Opportunities Moving Forward As Goldman Sachs Seeks to Maintain Its 100% Renewable Electricity Goal 


Goldman Sachs’ efforts to source renewable electricity are clearly laudable.  Provided their PPAs have, or will, come online there’s no argument that the firm is committed to accelerating the grid’s transition to renewable energy by subsidizing new generation.  And, as an investment bank, they are doubling down on that by supporting other corporations in their effort to do the same.  Notably, while RECs are, and will continue to be, an important tool for emissions reductions and increasing renewable energy demand, additionality RECs can provide further positive impacts for Goldman Sachs:


Speeding Grid Transformation: Given the firm’s commitment to accelerating the grid's transition to renewables, use of RECs with Additionality would allow them to increase that acceleration.  Because Additionality RECs don’t require the need to search for a particular project, they can come from any project or projects under development, Goldman Sachs could procure them for its entire load of consumed electricity and bring more than just one project on line at a time.  This would be an exponential increase of the pace of change towards decarbonization.  It would also help address constraints around transmission, siting, and financing that can slow a project's ability to come online.

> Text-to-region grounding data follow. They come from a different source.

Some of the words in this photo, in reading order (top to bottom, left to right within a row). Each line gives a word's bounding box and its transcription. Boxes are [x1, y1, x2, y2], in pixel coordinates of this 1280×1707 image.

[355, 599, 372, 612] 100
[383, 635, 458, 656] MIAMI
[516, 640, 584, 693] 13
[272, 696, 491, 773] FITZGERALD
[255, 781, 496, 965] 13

Cost Mitigation: As additional projects come online over time, costs decline through technology improvements and scale effects. This makes maintaining 100% renewable electricity procurement more affordable in the long run.  Using Additionality RECs to subsidize more than one project at a time would give them the ability to directly contribute to cost reduction for the benefit of themselves and other corporate customers they serve looking to subsidize new renewable energy projects.

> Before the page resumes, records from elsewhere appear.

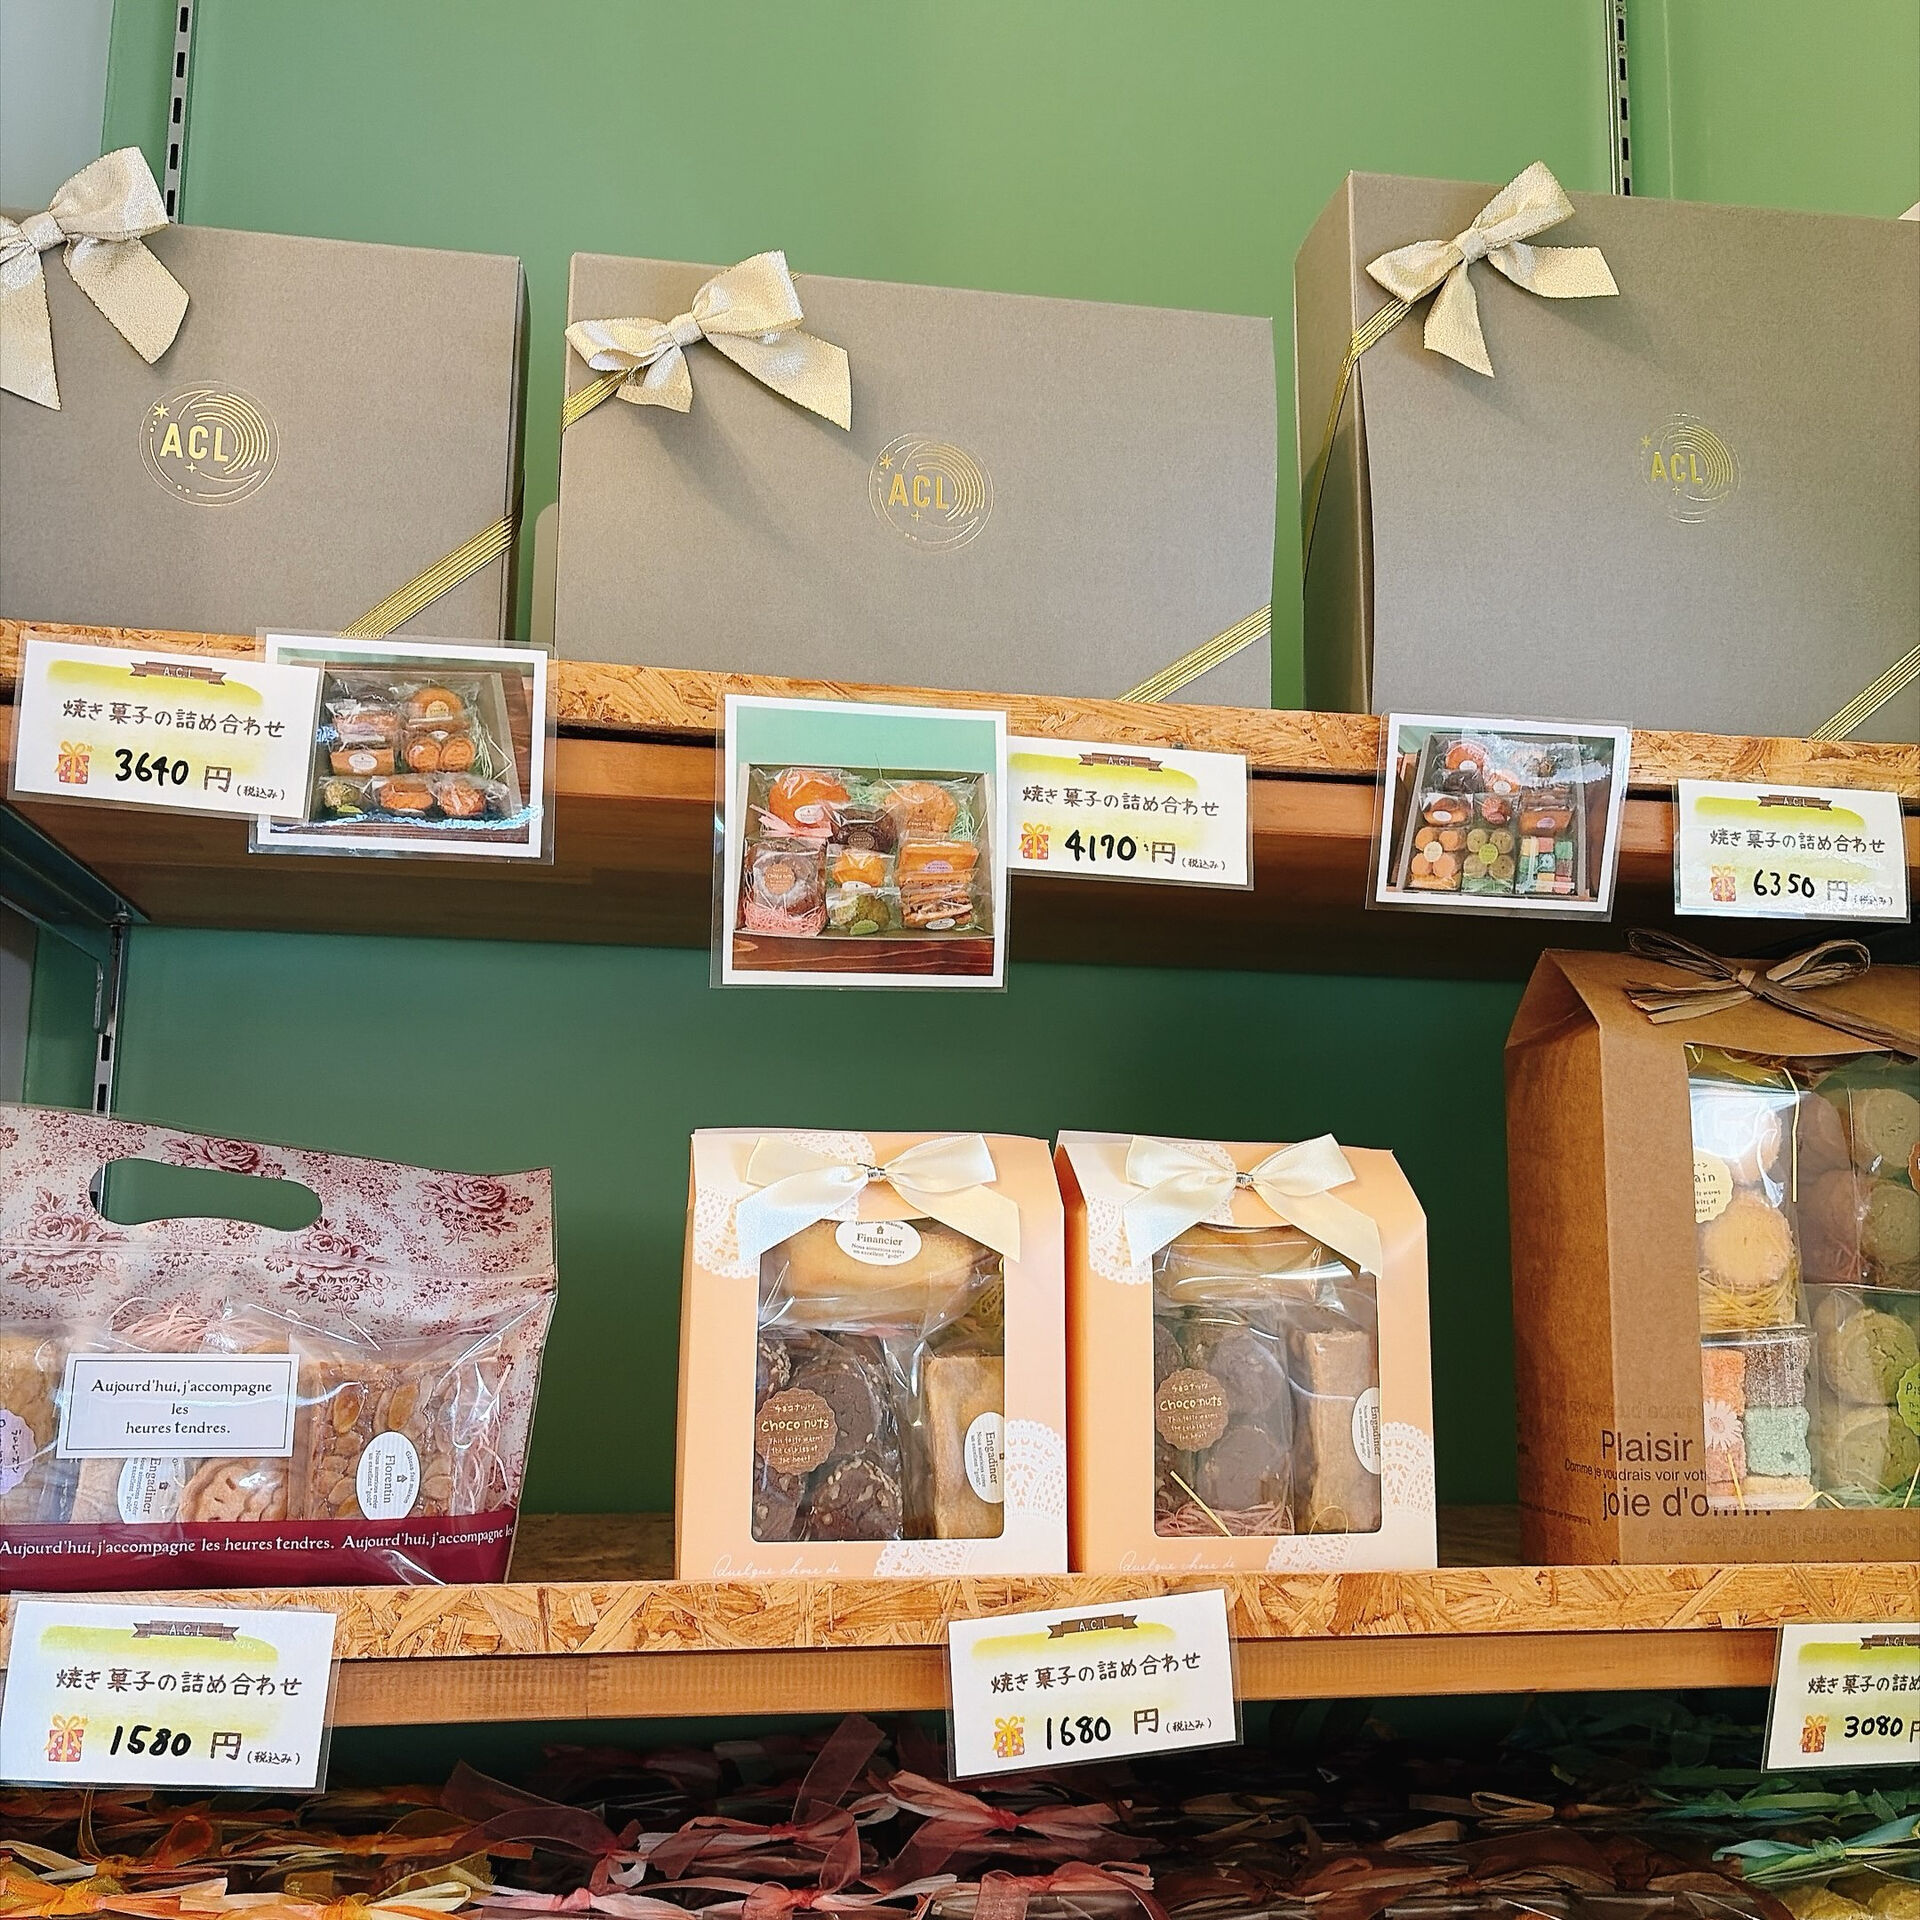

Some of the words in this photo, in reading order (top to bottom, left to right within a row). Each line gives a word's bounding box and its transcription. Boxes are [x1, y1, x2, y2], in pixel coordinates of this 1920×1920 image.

[160, 422, 229, 462] ACL
[1650, 451, 1704, 485] ACL
[888, 473, 949, 510] ACL
[114, 749, 189, 786] 3640
[203, 765, 232, 793] 円
[1064, 829, 1136, 862] 4170
[1151, 841, 1176, 865] 円
[1753, 869, 1815, 898] 6350
[1827, 880, 1848, 902] 円
[857, 1233, 903, 1246] Financier
[181, 1379, 272, 1397] j'accompagne
[171, 1403, 189, 1415] les
[126, 1421, 171, 1435] heures
[175, 1421, 231, 1435] tendres.
[985, 1432, 998, 1484] Engadiner
[1601, 1430, 1693, 1462] Plaisir
[143, 1458, 162, 1515] Engadiner
[383, 1455, 396, 1504] Florentin
[1565, 1457, 1593, 1476] Comme
[1602, 1467, 1651, 1482] voudrais
[1655, 1468, 1679, 1481] voir
[1602, 1484, 1650, 1521] joie
[96, 1540, 196, 1558] j'accompagne
[201, 1538, 220, 1552] les
[224, 1538, 273, 1551] heures
[275, 1536, 335, 1551] tendres.
[110, 1725, 191, 1756] 1580
[210, 1731, 242, 1760] 円
[1046, 1716, 1111, 1750] 1680
[1133, 1707, 1159, 1735] 円
[1844, 1715, 1903, 1738] 3080

Marketing Credibility: RECs directly linked to new projects enable companies to make substantiated claims about enabling the grid to transition to renewable energy and strengthen their emissions reductions. Goldman Sachs is openly committed to that transition and accelerating it both operationally and when serving its customers.  Use of Additionality RECs would allow them to go all in on this commitment, not only for themselves but potentially if they introduced them to their customers.  Thus it would help strengthen environmental commitments made to all stakeholders in its business.

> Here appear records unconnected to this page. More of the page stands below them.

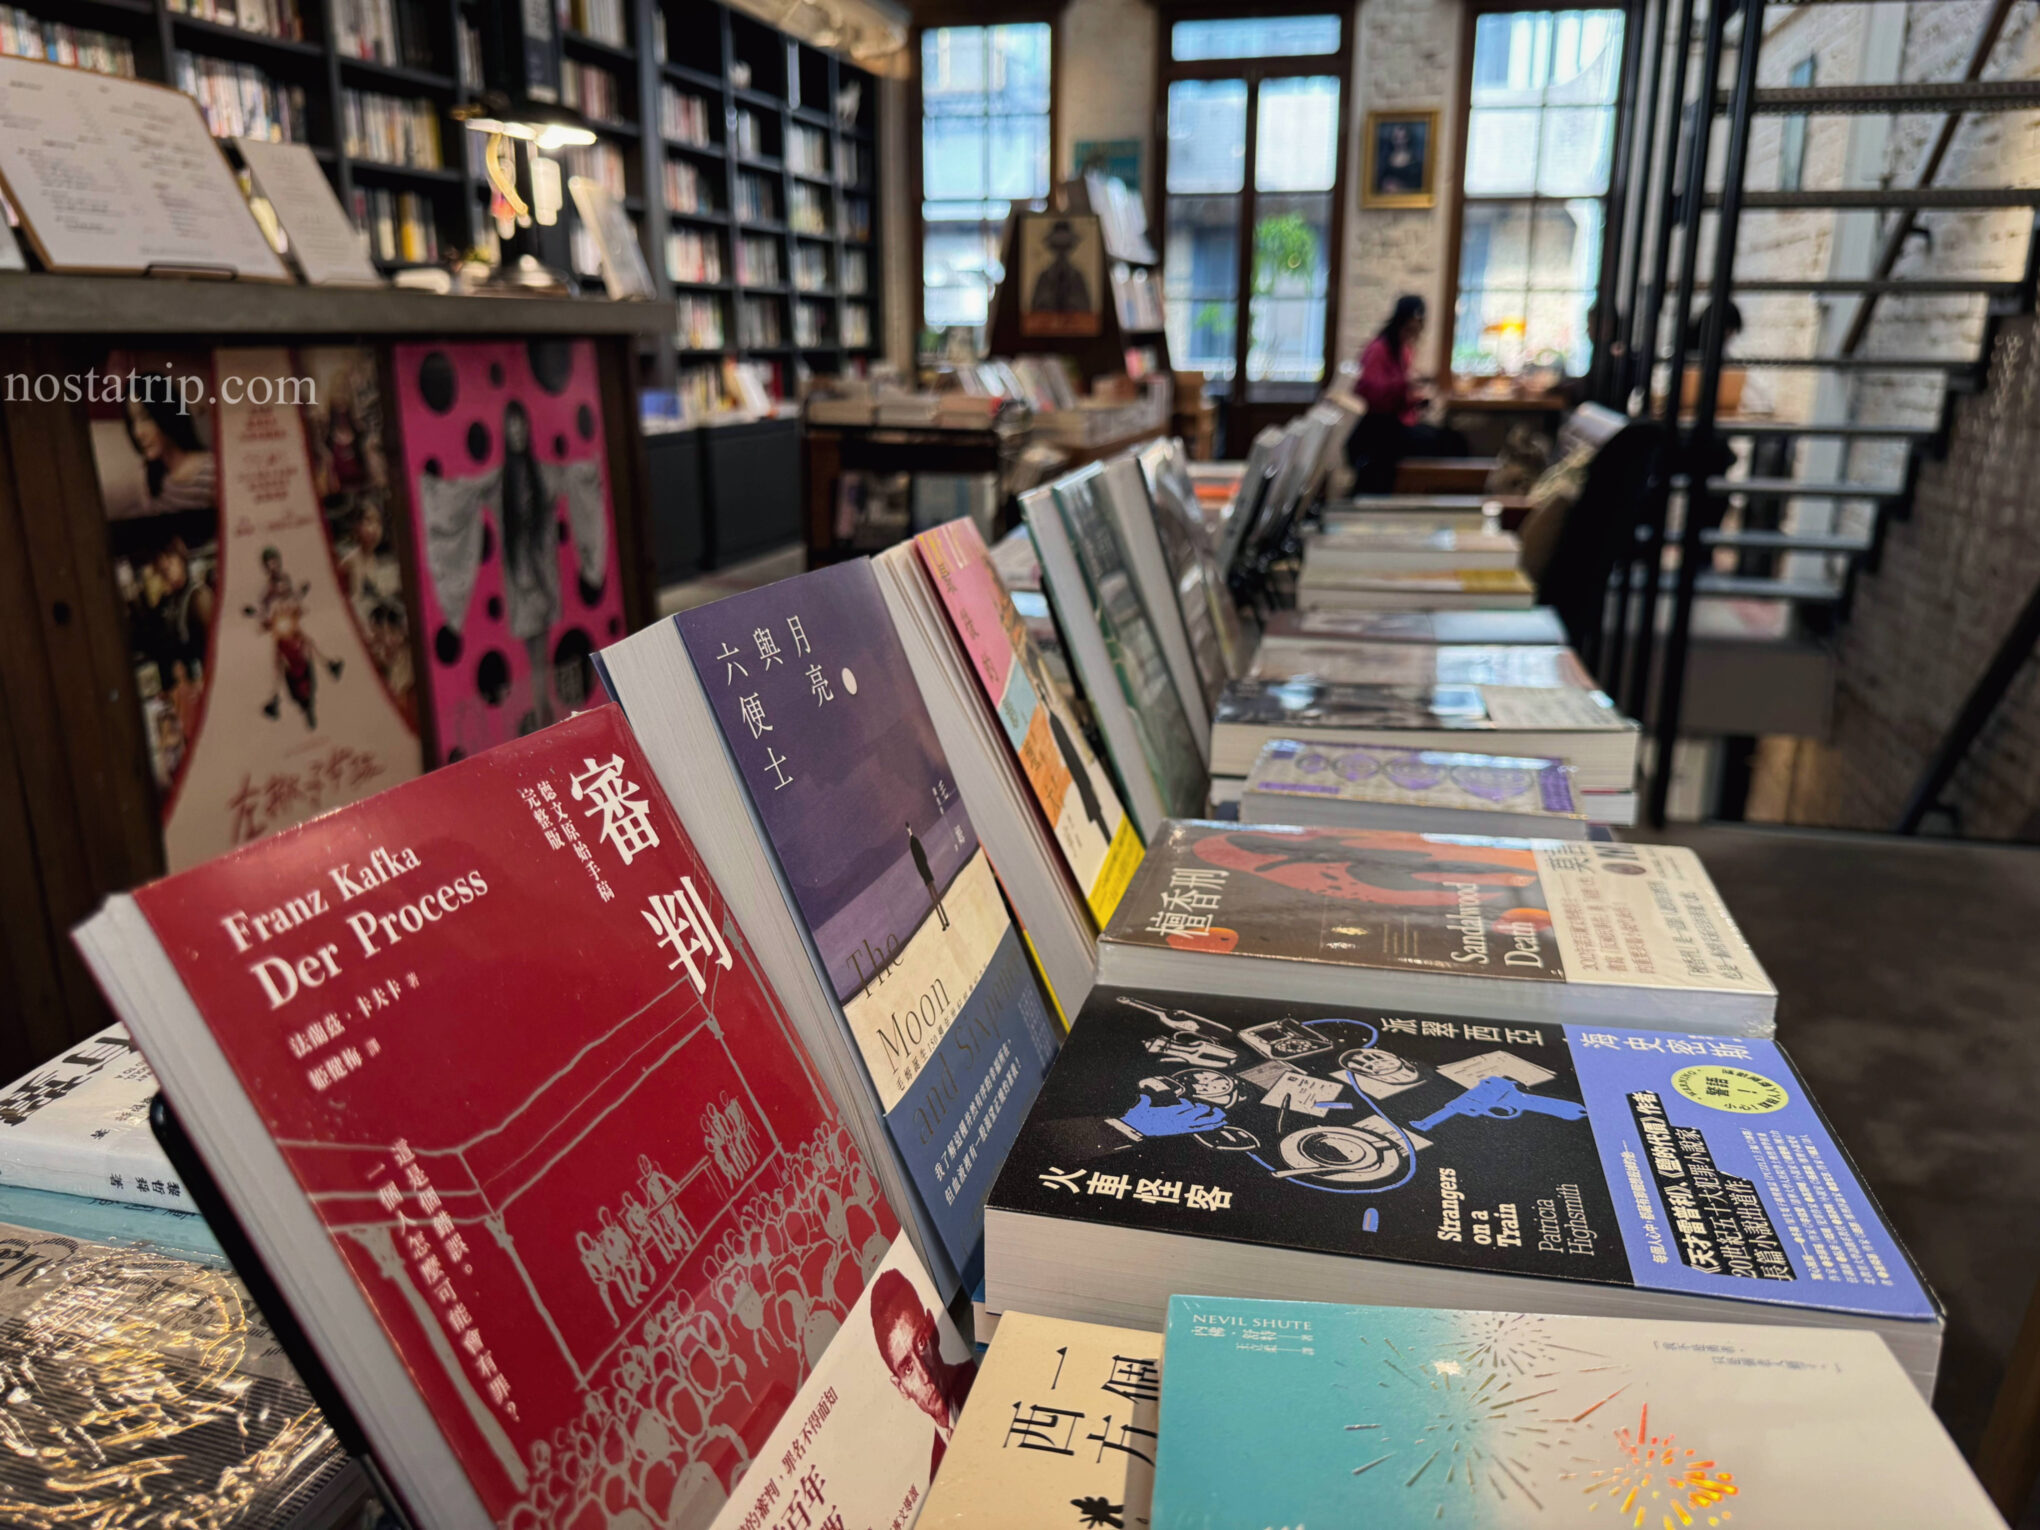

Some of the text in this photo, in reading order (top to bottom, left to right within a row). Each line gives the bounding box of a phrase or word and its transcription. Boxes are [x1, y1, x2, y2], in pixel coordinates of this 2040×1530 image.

[752, 627, 783, 671] 與
[786, 615, 834, 708] 月亮
[716, 642, 793, 791] 六便士
[519, 787, 566, 851] 完整版
[536, 780, 615, 903] 德文原始手稿
[221, 845, 422, 953] Franz Kafka
[569, 753, 733, 995] 審判
[1146, 867, 1231, 941] 檀香刑
[250, 869, 489, 1011] Der Process
[1446, 881, 1490, 965] Sandalwood
[1496, 921, 1544, 969] Death
[847, 932, 905, 999] The
[876, 977, 952, 1075] Moon
[912, 1053, 960, 1145] and
[1038, 1166, 1233, 1212] 火車怪客
[1437, 1167, 1465, 1243] Strangers
[1493, 1203, 1522, 1248] Train
[1532, 1198, 1564, 1254] Patricia
[1555, 1183, 1598, 1257] Highsmith
[1471, 1221, 1492, 1246] on
[1192, 1313, 1313, 1331] NEVIL SHUTE
[739, 1386, 838, 1530] 的審判，罪名不得而知

Emissions Reduction At Scale: With business growth comes increased consumption and a rise in emissions over time, typically.  Additionality RECs provide a mechanism to match rising demand and scale renewable energy investments. This maintains emission reduction integrity at a scale that can match business scale.


In conclusion, Goldman Sachs has demonstrated a strong commitment to sustainability and renewable energy. The firm's efforts to source 100% renewable electricity and its innovative partnerships to develop new renewable energy projects underscore its leadership in the transition to a low-carbon economy. By considering RECs with additionality, Goldman Sachs could further enhance its sustainability commitment and strategy allowing them to build on their leadership.  Additionality RECs can help the firm cost-effectively uphold its 100% renewable commitment, while accelerating the broader transition to renewable energy withs customers. Ultimately, Goldman Sachs progress on sustainability helps position them for success in a net zero economy while enabling meaningful climate action.